Interest in developing a vaccine for Epstein-Barr virus, or EBV, has grown as the link between infection and later consequences like multiple sclerosis and cancer has become clear. A new vaccine that appears effective in mice could protect against both short- and long-term disease.

In a new paper published Aug. 8 in Nature Communications, scientists from QIMR Berghofer Centre for Immunotherapy and Vaccine Development in Queensland, Australia and Boston-based Elicio Therapeutics described how they developed an EBV vaccine that trains both T cells and antibodies to fight off the virus. The researchers are working towards taking the vaccine to clinical trials.

“What we’ve done is come up with [a] platform technology … that can actually generate T cell immunity effectively and sustain T cell immunity,” co-corresponding author Rajiv Khanna, Ph.D., said in a YouTube video on the development. “That has been a big step forward.”

While scientists have attempted to develop an EBV vaccine for years, interest has grown since a link was established between infection with the virus and later multiple sclerosis.

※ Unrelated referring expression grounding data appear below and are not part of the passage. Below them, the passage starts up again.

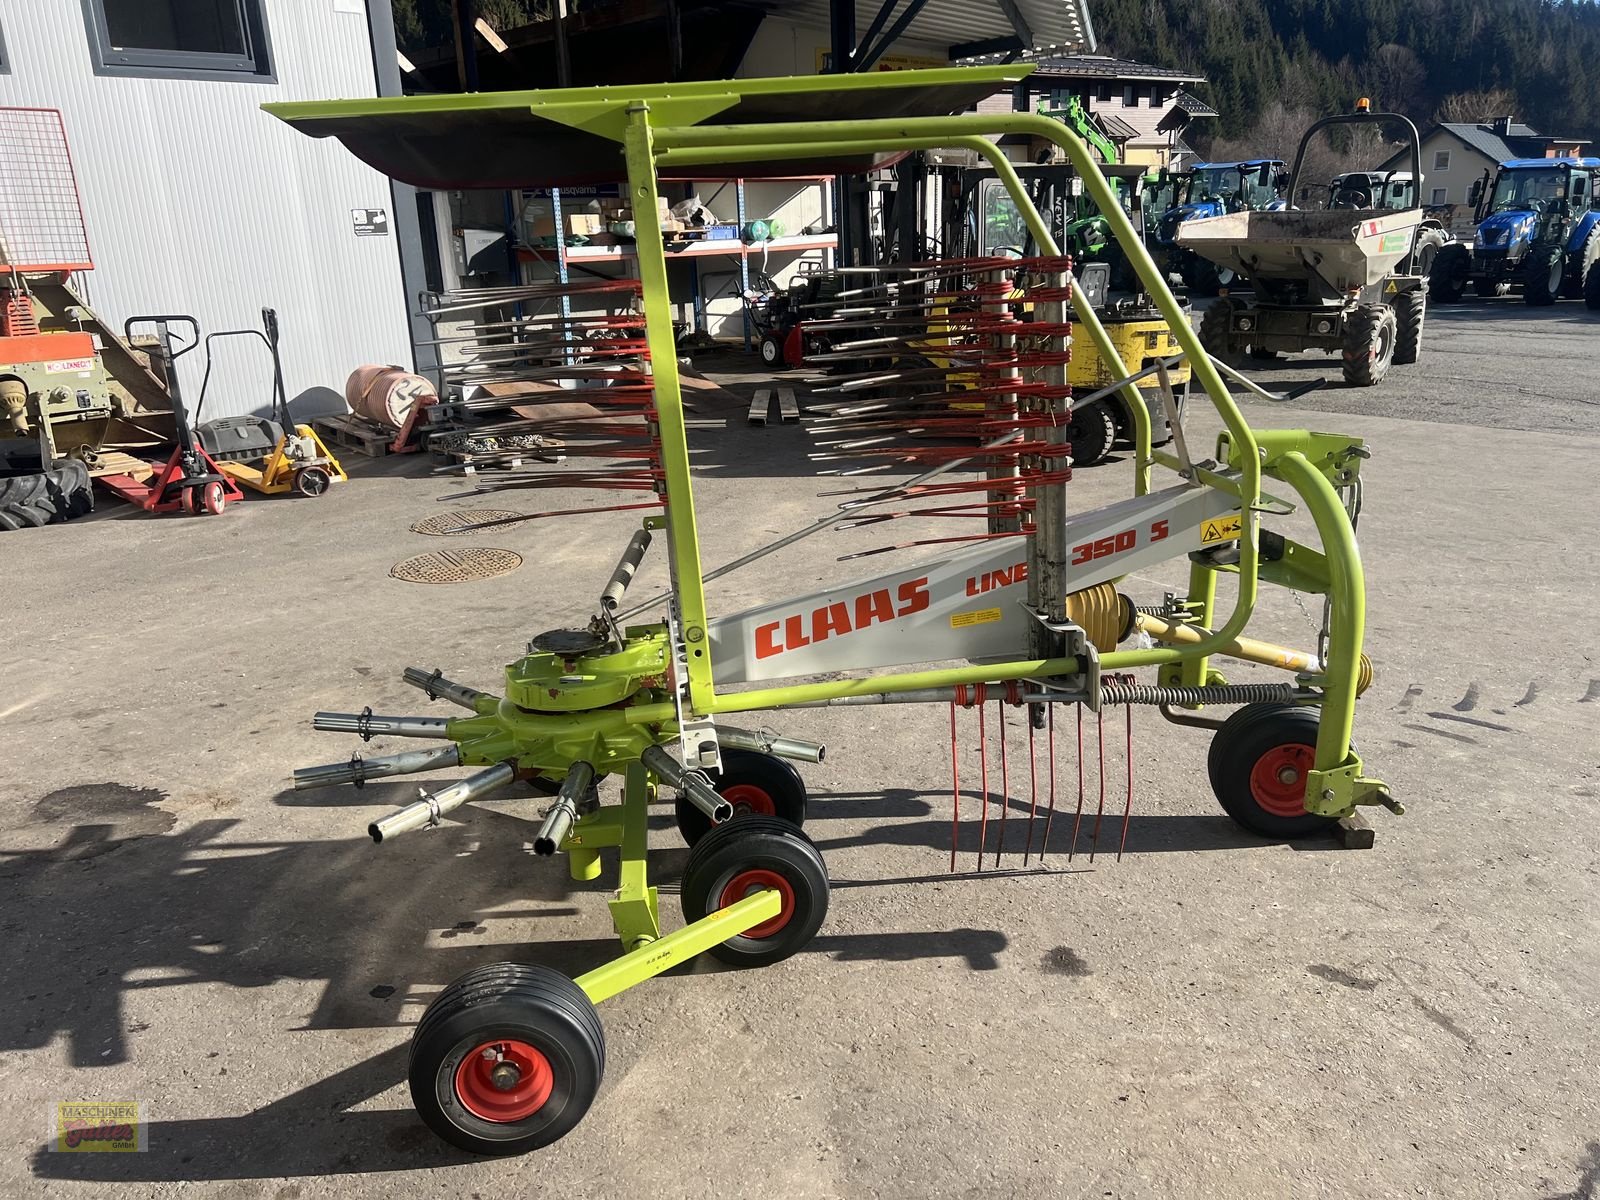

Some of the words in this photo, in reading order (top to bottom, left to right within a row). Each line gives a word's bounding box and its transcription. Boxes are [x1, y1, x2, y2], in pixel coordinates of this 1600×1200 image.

[556, 185, 597, 197] usqvarna
[1072, 529, 1136, 566] 350
[1151, 519, 1168, 543] S
[755, 577, 930, 660] CLAAS
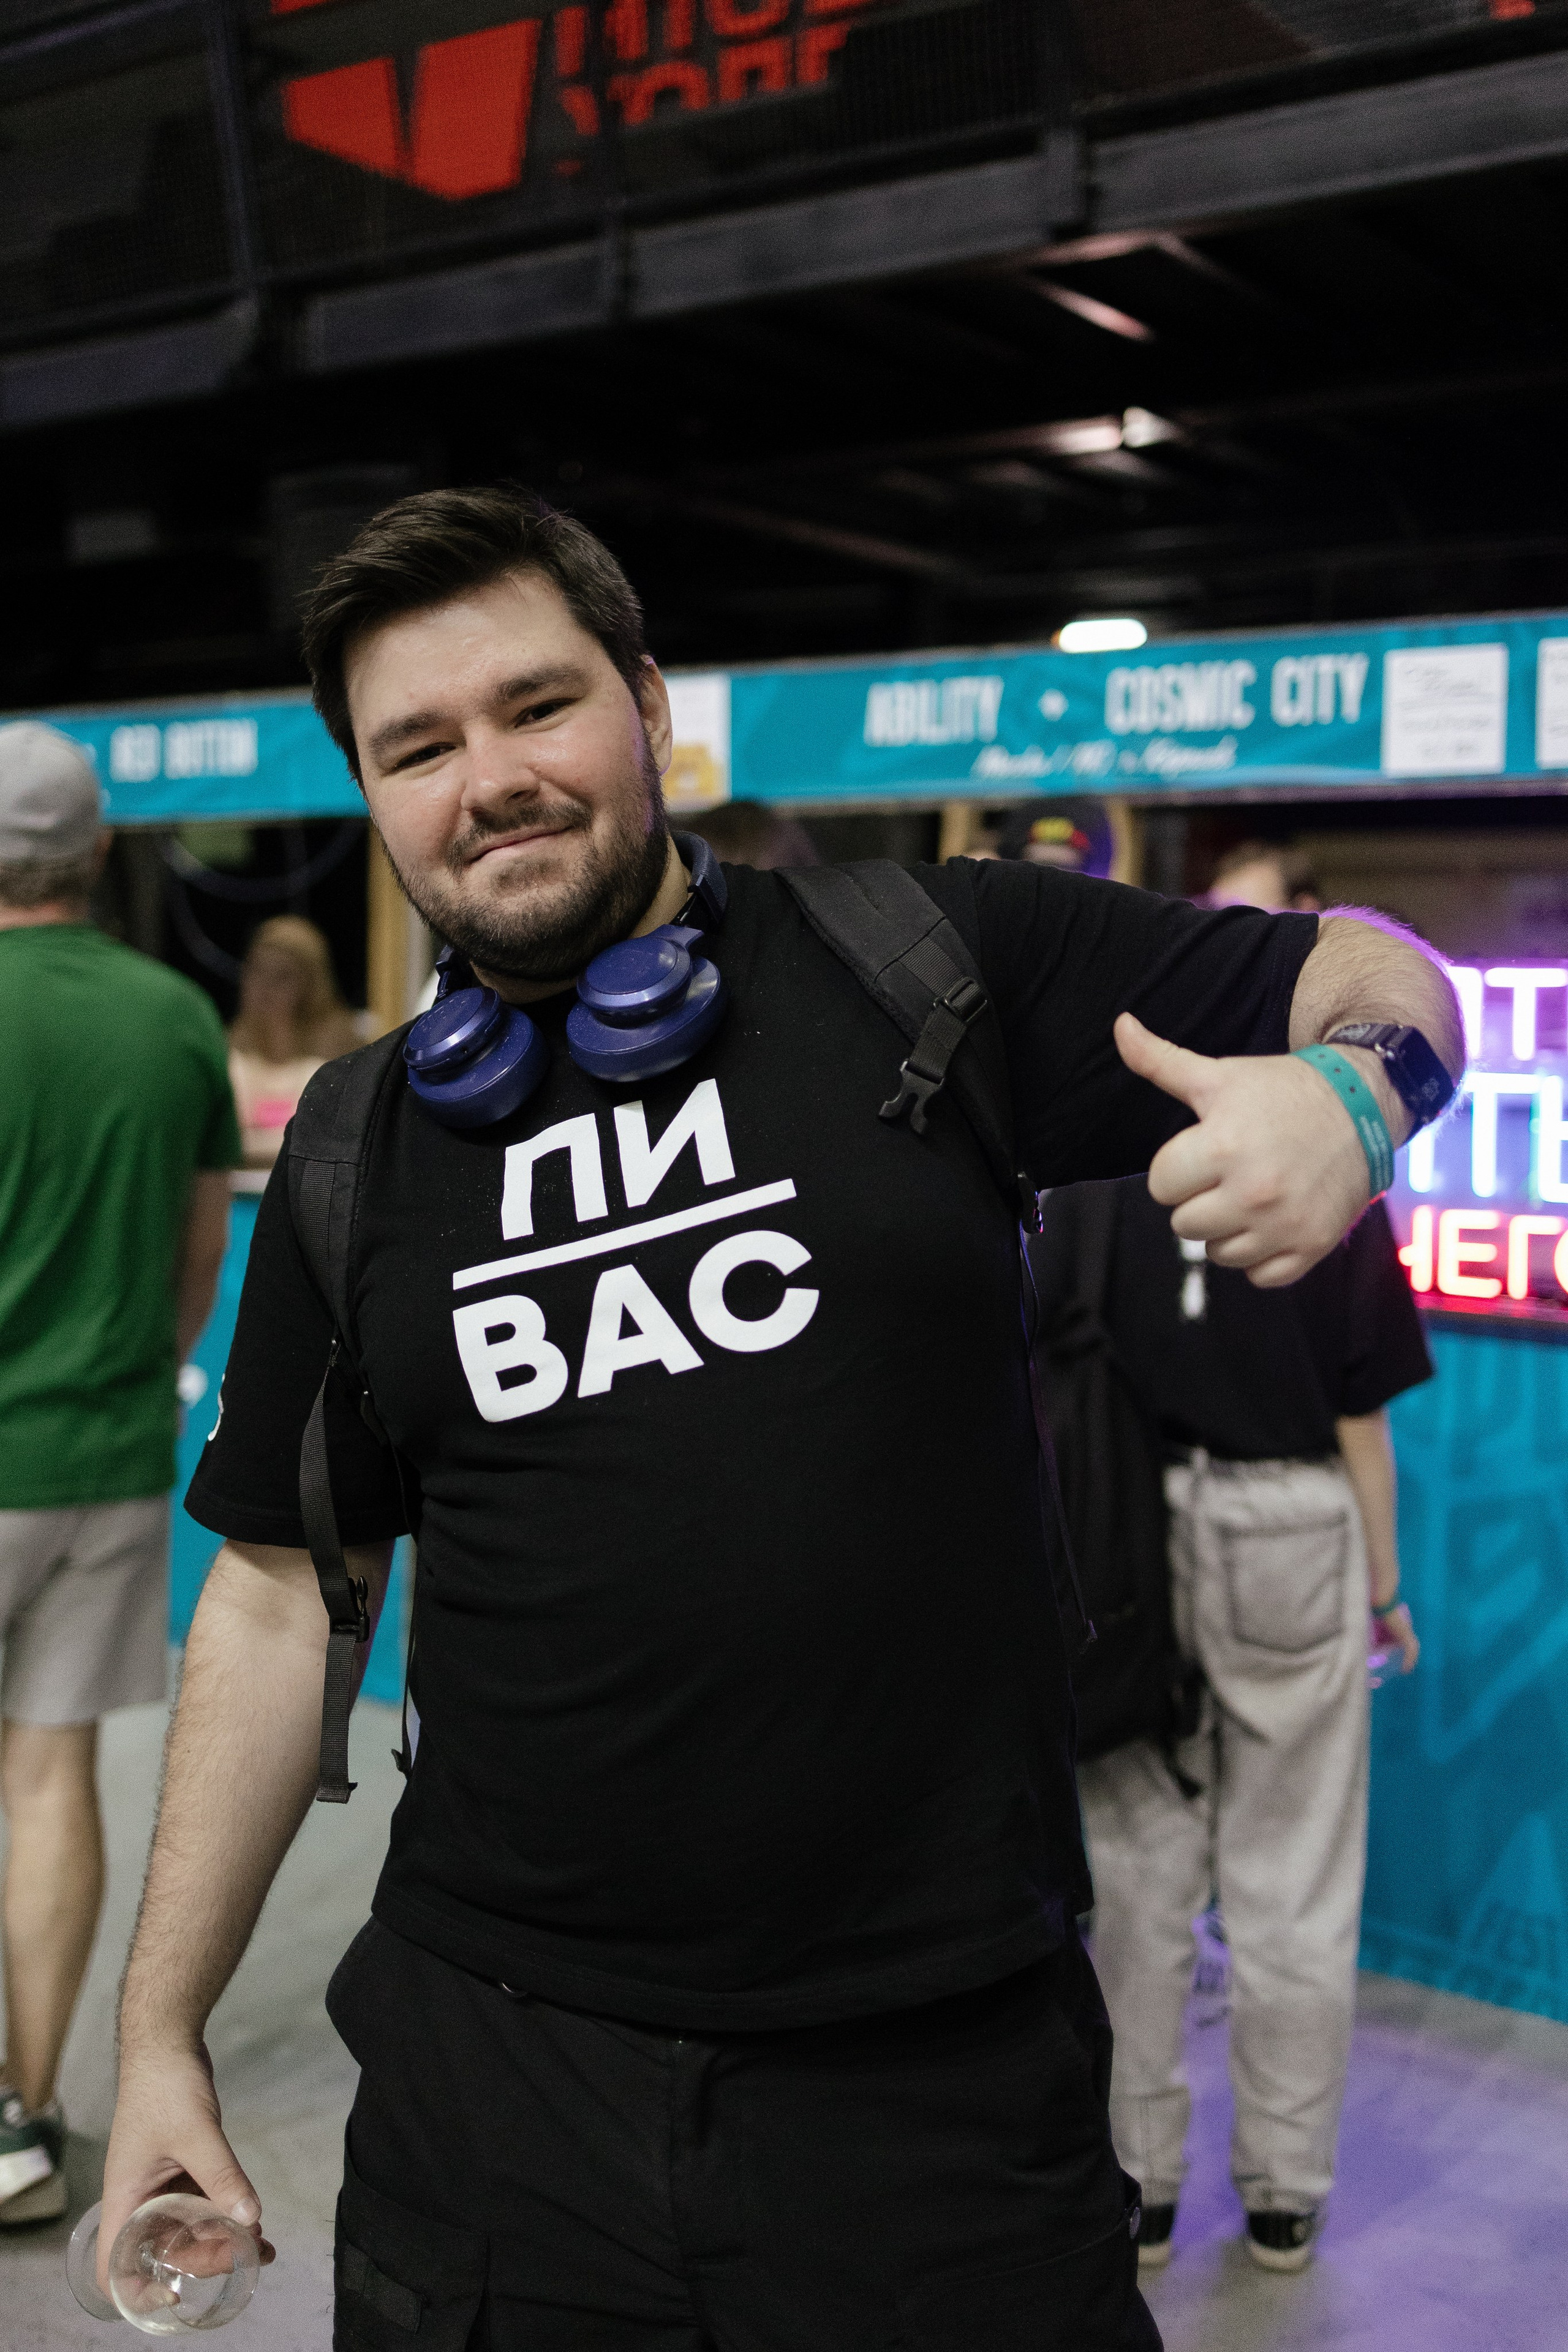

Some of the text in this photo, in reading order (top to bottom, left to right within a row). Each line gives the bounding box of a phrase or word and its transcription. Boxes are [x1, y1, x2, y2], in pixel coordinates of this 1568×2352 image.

[1104, 659, 1257, 735] COSMIC
[1270, 653, 1370, 726] CITY
[500, 1078, 736, 1241] ПИ
[452, 1230, 820, 1423] ВАС

There’s evidence that other diseases may be driven by EBV too, including cancer.

Moderna, Merck, Sanofi and a team at Fred Hutch Cancer Center in Seattle are among the groups pursuing EBV vaccines. Though their delivery platforms vary, all of those vaccines work by generating antibodies to the virus.

Elicio and QIMR, however, hope their candidate will be more robust against both short- long-term disease by keeping EBV out of B cells in the tonsils, where the virus takes hold. This is due to its ability to stimulate T cells along with antibodies. Though they didn’t compare the vaccine to other candidates, they did see that mice who received it still had neutralizing antibodies and T cells against the virus more than seven months after receiving the shot.

“This combination of…immunity against multiple viral determinants is likely to provide better protection against primary infection and control of latently infected B cells leading to protection against the development of EBV-associated diseases,” the researchers wrote in the paper.

The vaccine also appeared to suppress cancer associated with EBV. The researchers showed that when T cells and antibodies armed against the virus were adoptively transferred into mice with B cell lymphoma, a malignancy commonly associated with EBV, they prevented the cancer from progressing and growing—something other vaccines that only induce antibodies would be unlikely to do, the researchers noted.

In addition to Elicio, the team at QIMR is also looking to work with other industry partners to fund its clinical trials on the vaccine, Kanna added in the video.

“To be honest, no [publicly funded] agency, small or large, can [afford to] fund these large clinical trials,” Khanna said in the video. “So we do need industry support on that, and we’ve been very fortunate to get early support from industry on this program.”

QIMR and Elicio are aiming to have the vaccine in clinical trials in 2024 or 2025, he said.